|
Tworczosc
[Nowe opowiadanie. Chyba potrzebne jest slowo komentarza. Tekst zostal
napisany na 19. urodziny Aliena i w zalozeniu mial byc o dziecinstwie,
przyjazni i bledach. Eksperymentuje tu troche z forma, jezeli
przebrneliscie przez "Sklepy cynamonowe" przebrniecie i przez to.]
"MIEJSCE DZIECINSTWA,
MIEJSCE POCHOWKU"
John MacKanacKy
(Jacek Suliga)
dla Aliena
Bruno Schulz fanfiction
* * *
Musze zabic na moim placu zabaw. Zbeszczescic dziewicze tereny
penetrowane szarymi oczami piecioletniego dziecka. Zbrukac gestymi,
krwawymi kroplami spokrewnione z moimi malymi stopami korzenie
oddychajacych moim powietrzem roslin.
Blekit nieba przygasal, chowal sie za wielkimi, ociezalymi chmurami,
przygniatajac sprosne korony usmiechnietych drzew. Zdawalo sie, ze te
drzewa afektuja wicher, wzburzajac teatralnie swe korony, azeby w
patetycznych przegieciach ukazac wytwornosc wachlarzy listnych o
srebrzystym podbrzuszu, jak futra szlachetnych lisic. Powietrze
momentalnie gestnialo, czulem sie jak kropla wina z ognia dnia
rozzagwionego, wysypujac z szyjki barwna urode slonca.
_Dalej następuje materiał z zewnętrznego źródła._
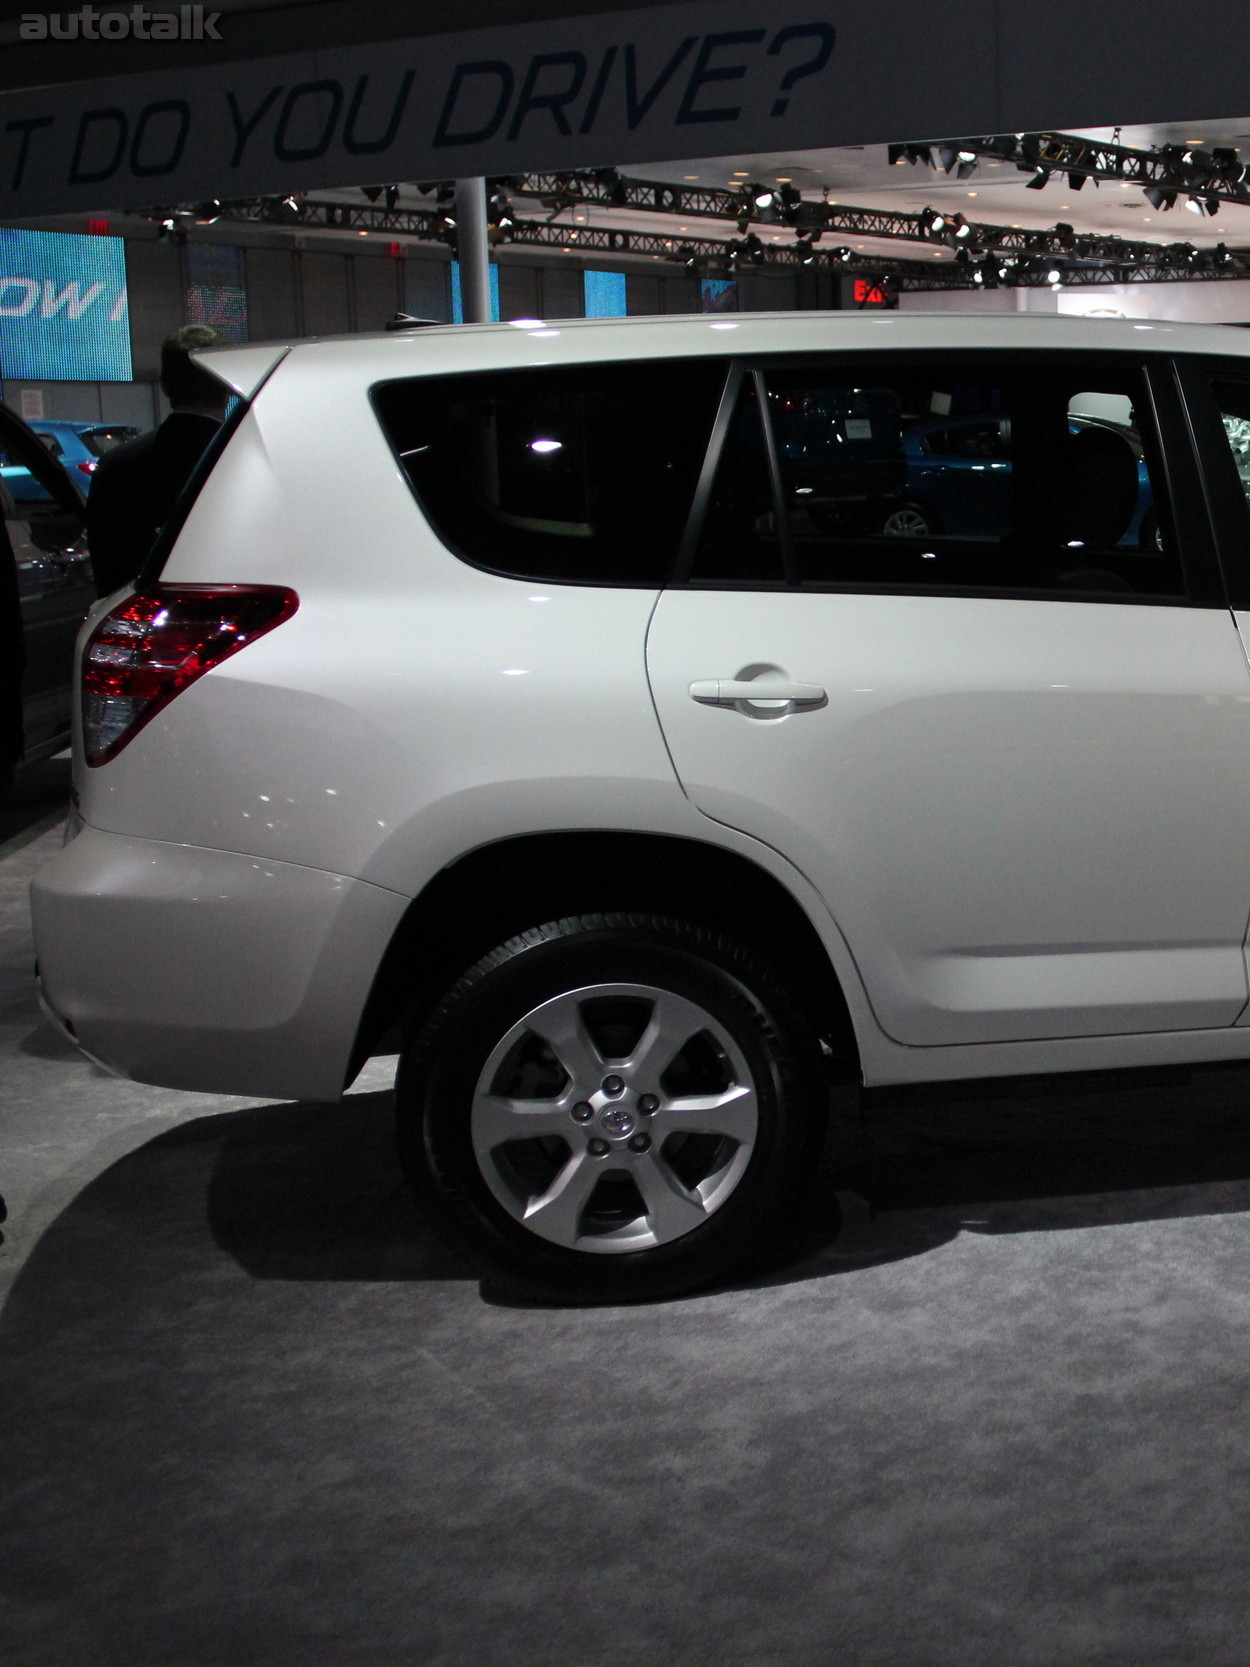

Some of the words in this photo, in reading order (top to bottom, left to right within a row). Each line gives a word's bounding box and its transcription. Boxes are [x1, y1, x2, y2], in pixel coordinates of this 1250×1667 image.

[67, 100, 191, 185] DO
[226, 69, 417, 168] YOU
[432, 21, 837, 148] DRIVE?
Wstalem i chwiejnym krokiem podszedlem do tlumu, falujacego przy
drodze, nagrzanej filatelistycznym goracem ich oczekiwania. W oddali
widac bylo parujaca czernia limuzyne rozpruwajaca powoli geste powietrze
lipcowego napiecia.
Plynny prawie kurz drogi unosil sie juz wysoko wypelniajac dokladnie
drzaca przestrzen miedzy wiwatujaca masa nabrzmialych sila i pozywnoscia
platow miesa z klawiatura zeber ludzkich. Samochod wtopil sie w tlum,
wszystko zafalowalo acyklicznie.
Zlocista, czysta kropla potu na skupionej i zmeczonej zmeczeniem
twarzy pasazera limuzyny. Grymas twarzy, nerwowy tik przypominajacy
tylko udreczony, wegetatywny usmiech starego gobelinu.
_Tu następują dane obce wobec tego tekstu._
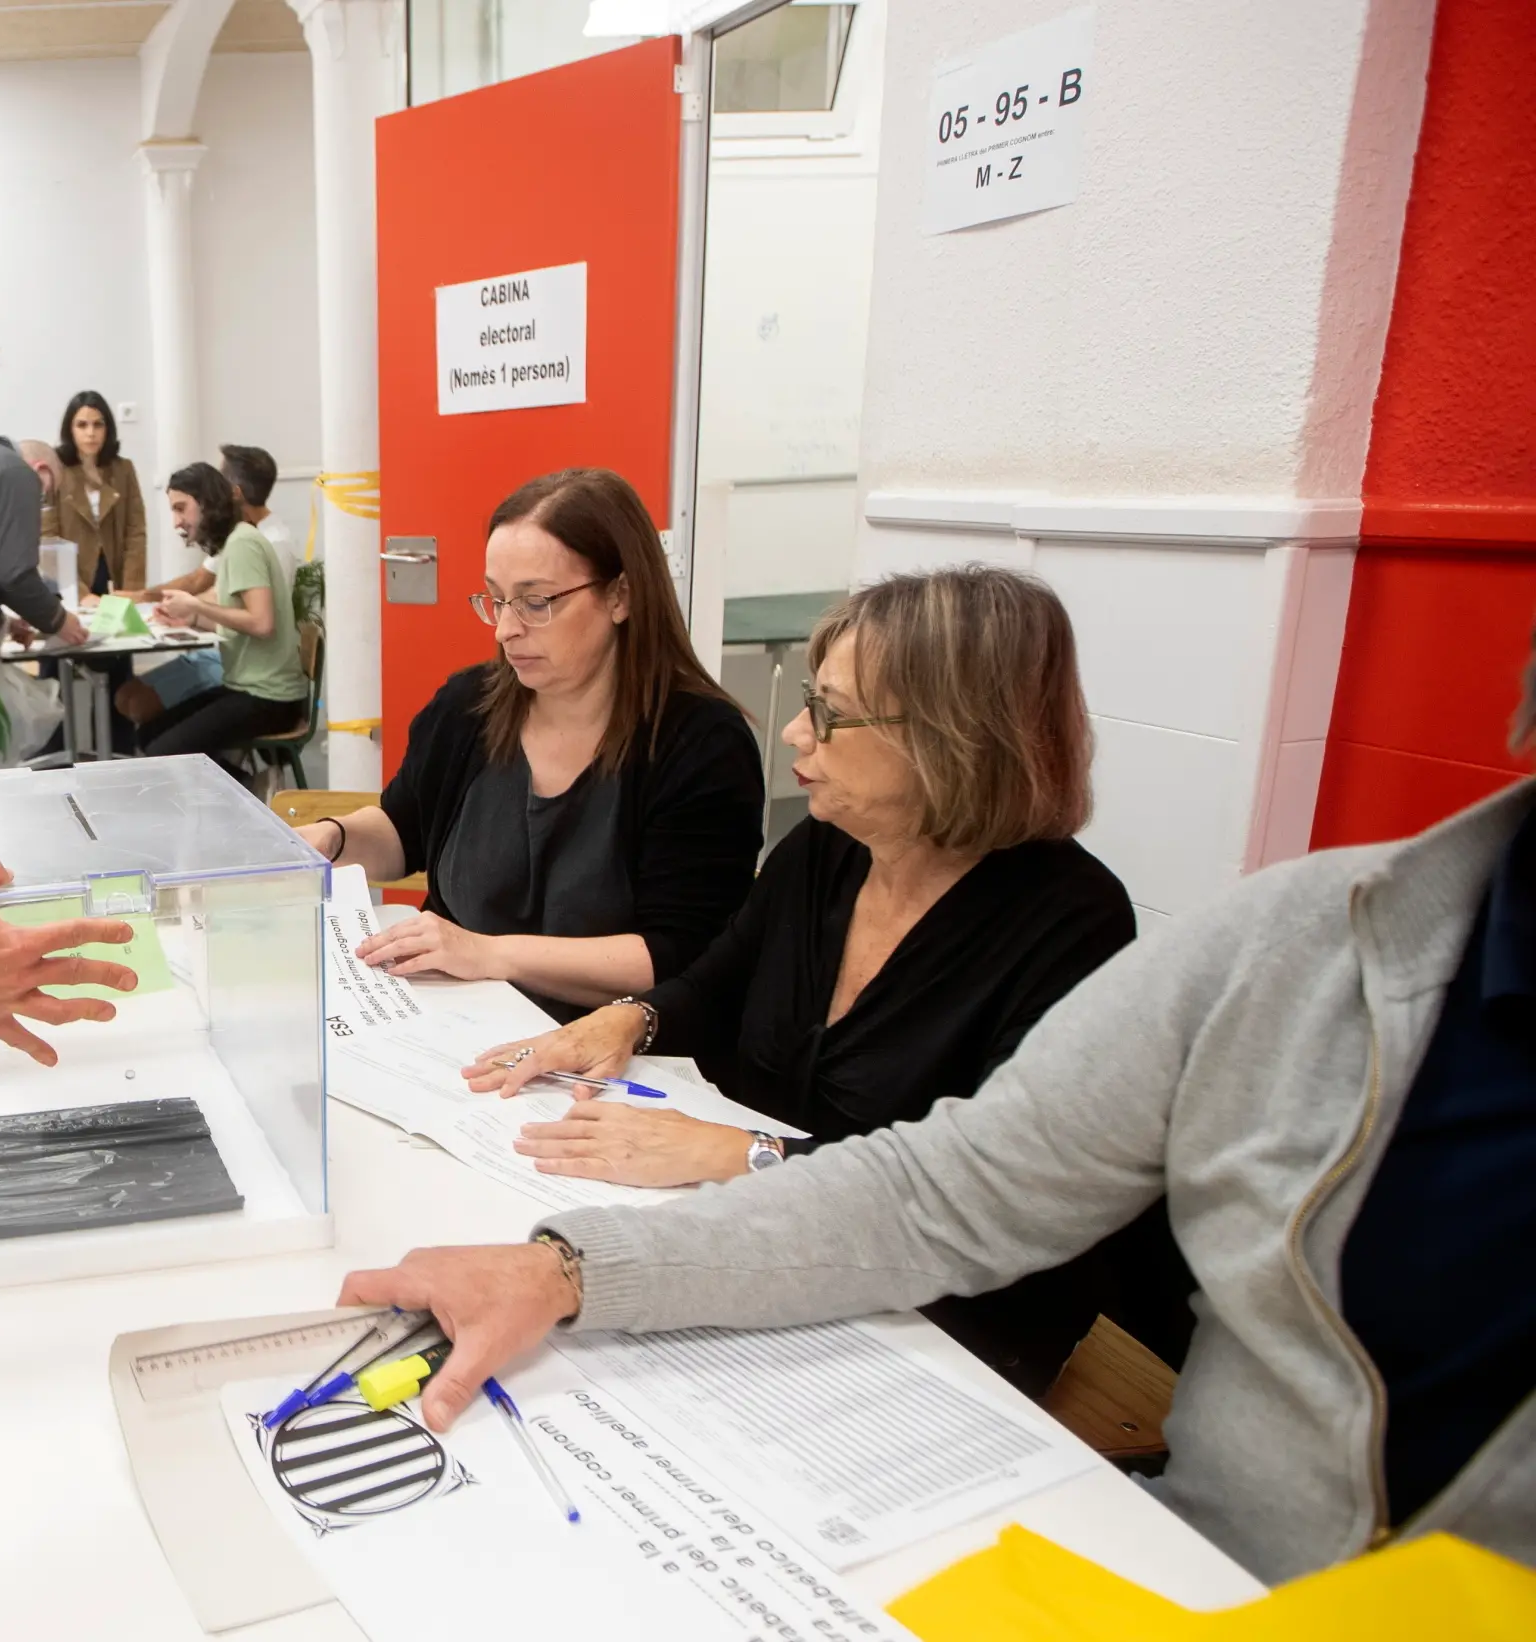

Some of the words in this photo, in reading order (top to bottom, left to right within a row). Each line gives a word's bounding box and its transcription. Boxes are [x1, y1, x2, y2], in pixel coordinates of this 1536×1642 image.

[938, 104, 969, 144] 05
[977, 115, 986, 124] -
[995, 84, 1029, 126] 95
[1038, 95, 1049, 105] -
[1058, 67, 1082, 107] B
[987, 140, 1009, 153] PRIMER
[1009, 132, 1037, 146] COGNOM
[975, 163, 992, 189] M
[1008, 155, 1023, 180] Z
[480, 279, 530, 307] CABINA
[479, 318, 536, 347] electoral
[500, 362, 506, 384] 1
[511, 355, 570, 388] persona)
[326, 915, 350, 954] cognom)
[354, 909, 373, 937] ellido)
[344, 955, 366, 981] primer
[565, 1389, 649, 1449] apellido)
[528, 1415, 612, 1482] cognom)
[645, 1453, 723, 1504] primer
[610, 1484, 687, 1539] primer
[710, 1508, 755, 1535] del
[638, 1539, 662, 1559] la
[676, 1543, 720, 1573] del
[710, 1535, 736, 1552] la
[662, 1561, 680, 1574] a
[735, 1555, 756, 1568] a
Moja spocona dlon spoczela na chlodzie matowego pistoletu, nedznej
kreatury walczacej na granicy nicosci i smierci. Zaraz zginie czlowiek.
Napotkalem jego wzrok, w dloni zyjace ale nadal chlodne zelazo, wzrok
pytajacy i rozumiejacy. Znajomy. Zaraz zginie czlowiek.
* * *
- Tratata!
Nie pada, biegnie dalej w moja strone. Celuje jeszcze raz.
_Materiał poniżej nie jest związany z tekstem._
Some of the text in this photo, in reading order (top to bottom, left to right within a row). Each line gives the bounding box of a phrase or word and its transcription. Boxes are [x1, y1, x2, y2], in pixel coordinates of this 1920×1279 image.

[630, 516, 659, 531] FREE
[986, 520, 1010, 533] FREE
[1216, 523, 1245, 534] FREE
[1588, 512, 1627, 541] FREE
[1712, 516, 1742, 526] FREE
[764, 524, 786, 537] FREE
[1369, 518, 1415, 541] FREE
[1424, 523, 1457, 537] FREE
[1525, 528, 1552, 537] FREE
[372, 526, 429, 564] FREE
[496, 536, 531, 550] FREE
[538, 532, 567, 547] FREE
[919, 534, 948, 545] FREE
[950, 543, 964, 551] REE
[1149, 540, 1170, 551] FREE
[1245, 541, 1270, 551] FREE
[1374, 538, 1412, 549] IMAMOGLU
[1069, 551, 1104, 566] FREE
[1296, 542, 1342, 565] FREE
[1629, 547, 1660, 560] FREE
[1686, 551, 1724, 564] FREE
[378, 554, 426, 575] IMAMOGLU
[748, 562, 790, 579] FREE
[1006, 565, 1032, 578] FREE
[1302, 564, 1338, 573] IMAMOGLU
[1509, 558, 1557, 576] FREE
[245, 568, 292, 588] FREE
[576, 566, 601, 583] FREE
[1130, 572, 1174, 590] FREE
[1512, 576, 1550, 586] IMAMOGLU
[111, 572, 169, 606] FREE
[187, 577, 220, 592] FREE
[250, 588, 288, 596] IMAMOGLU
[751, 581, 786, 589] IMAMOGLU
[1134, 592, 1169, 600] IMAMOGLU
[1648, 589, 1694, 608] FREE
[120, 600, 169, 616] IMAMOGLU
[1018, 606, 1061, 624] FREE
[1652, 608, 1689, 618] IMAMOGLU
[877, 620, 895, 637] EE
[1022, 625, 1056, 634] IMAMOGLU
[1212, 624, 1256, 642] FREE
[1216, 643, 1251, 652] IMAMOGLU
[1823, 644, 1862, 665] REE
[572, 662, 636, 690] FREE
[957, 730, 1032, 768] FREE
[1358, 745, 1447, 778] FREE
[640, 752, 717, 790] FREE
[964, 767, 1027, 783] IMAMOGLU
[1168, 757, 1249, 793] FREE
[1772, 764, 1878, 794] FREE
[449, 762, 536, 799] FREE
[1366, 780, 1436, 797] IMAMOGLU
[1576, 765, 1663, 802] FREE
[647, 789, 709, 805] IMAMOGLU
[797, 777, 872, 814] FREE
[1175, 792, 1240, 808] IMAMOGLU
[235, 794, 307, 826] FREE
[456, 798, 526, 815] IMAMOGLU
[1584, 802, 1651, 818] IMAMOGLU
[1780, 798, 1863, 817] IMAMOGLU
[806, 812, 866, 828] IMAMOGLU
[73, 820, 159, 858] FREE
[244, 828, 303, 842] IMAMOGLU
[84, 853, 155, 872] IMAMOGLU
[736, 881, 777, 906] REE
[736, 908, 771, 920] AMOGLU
- Tratatatatatata! Maciek! Upadnij! Nie zyjesz!
Nie pada. Znaczy koniec zabawy. Opuszczam teraz juz patyk, siadam na
trawie. Maciek zdyszany w koncu dobiega.
- Pobite gary! - mowi przejety. - Michal skrecil sobie noge i polazl
do domu!
- Aha.
- Co robisz?
- Ryba.
- Co ryba?
- No na niebie. Ryba.
Maciek siada obok mnie, pokazuje mu wielka, biala rybe, taka jak
ostatniej zimy mama kroila na podworku, a ja nadepnalem jej pecherz.
- E, jaka ryba, to biedronka.
- Sam jestes biedronka!
Biale chmurki powoli goni wiatr, pojawiaja sie wieksze, ciemniejsze.
Zaczyna kropic. My dalej siedzimy.
- Wiesz co? - mowie nagle, bo sobie cos waznego przypomnialem.
- Co? - pyta, nadal patrzac na niebo.
- Za domem Bluksy widzialem Planetnika.
Oczy Macka powiekszaja sie i skupiaja na moich.
- No co ty?!
- No dobra, nie widzialem tylko slyszalem. Wolal mnie.
- Pokaz rece! - odskakuje ode mnie i celuje ze swojego pistoletu.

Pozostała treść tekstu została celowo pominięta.